Exposure to coastal flooding is increasing due to growing population and economic activity.
These developments go hand-in-hand with a loss and deterioration of ecosystems. Ironically,
these ecosystems can play a buffering role in reducing flood hazard. The ability of ecosystems to contribute to reducing coastal flooding has been emphasized in multiple studies.
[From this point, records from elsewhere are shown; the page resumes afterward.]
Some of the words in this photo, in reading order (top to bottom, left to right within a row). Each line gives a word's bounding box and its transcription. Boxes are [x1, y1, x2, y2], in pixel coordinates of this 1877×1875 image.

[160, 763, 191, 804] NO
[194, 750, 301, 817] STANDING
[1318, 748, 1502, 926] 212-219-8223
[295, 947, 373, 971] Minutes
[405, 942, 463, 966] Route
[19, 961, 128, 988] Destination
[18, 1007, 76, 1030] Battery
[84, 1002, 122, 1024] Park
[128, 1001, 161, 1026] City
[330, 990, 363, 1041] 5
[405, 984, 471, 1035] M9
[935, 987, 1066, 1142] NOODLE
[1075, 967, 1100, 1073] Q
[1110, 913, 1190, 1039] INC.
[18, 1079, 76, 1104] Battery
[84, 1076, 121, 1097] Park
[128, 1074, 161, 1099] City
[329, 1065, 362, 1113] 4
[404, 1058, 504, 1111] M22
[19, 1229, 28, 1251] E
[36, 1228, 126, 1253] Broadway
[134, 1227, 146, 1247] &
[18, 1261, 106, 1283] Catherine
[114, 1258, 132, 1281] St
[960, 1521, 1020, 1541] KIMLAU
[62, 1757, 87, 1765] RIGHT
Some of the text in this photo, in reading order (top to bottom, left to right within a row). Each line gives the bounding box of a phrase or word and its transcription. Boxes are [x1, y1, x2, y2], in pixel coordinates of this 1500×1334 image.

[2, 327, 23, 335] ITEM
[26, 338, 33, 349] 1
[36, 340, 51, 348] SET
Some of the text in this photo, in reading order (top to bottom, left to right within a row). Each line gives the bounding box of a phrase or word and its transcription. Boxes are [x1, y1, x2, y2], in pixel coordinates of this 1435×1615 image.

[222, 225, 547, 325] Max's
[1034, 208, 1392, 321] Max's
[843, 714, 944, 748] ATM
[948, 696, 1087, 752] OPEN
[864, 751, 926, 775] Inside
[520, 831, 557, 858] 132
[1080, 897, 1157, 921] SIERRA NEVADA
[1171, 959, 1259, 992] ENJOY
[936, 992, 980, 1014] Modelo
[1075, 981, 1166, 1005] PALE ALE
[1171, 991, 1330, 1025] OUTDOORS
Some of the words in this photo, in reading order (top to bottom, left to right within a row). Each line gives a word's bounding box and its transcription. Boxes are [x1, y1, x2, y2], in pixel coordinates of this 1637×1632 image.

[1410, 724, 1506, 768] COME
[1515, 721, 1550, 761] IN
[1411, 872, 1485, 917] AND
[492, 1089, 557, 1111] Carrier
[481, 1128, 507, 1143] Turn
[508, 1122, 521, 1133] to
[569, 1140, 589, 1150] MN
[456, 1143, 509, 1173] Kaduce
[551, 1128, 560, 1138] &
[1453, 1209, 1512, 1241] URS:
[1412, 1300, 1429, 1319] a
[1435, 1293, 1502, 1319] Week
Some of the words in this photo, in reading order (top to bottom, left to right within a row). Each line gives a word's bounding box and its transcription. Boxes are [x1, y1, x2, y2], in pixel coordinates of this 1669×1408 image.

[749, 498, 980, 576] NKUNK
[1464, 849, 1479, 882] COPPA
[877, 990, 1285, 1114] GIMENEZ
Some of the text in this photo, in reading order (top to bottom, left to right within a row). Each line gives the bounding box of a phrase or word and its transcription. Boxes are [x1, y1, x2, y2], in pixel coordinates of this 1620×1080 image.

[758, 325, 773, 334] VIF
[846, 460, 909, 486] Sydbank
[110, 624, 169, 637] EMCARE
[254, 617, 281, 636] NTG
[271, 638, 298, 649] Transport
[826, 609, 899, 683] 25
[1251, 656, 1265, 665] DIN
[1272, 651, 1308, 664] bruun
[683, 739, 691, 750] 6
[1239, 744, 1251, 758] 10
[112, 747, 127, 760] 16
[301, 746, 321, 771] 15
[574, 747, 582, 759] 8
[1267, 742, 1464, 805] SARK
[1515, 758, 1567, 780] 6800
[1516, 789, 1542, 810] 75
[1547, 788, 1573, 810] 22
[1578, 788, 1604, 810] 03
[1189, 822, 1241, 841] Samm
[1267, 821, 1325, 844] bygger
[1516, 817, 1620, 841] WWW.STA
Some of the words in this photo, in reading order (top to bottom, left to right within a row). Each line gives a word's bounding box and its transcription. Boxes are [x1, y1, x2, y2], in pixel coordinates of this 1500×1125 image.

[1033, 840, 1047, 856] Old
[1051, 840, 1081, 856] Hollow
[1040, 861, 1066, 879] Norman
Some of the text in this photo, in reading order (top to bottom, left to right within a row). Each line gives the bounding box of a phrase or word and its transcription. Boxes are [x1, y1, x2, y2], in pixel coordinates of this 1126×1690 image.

However, the role of ecosystems in hybrid coastal protection (i.e. a combination of ecosystems and levees) has been poorly quantified at a global scale. Here, we evaluate the use of
coastal vegetation, mangroves, and marshes fronting levees to reduce global coastal protection costs, by accounting for wave-vegetation interaction.The research is carried out by
combining earth observation data and hydrodynamic modelling. We show that incooperating
vegetation in hybrid coastal protection results in more sustainable and financially attractive
coastal protection strategies. If vegetated foreshore levee systems were established along
populated coastlines susceptible to flooding, the required levee crest height could be considerably reduced. This would result in a reduction of 320 (range: 107-961) billion USD2005
Power Purchasing Parity (PPP) in investments, of which 67.5 (range: 22.5- 202) billion
USD2005 PPP in urban areas for a 1 in 100-year flood protection level.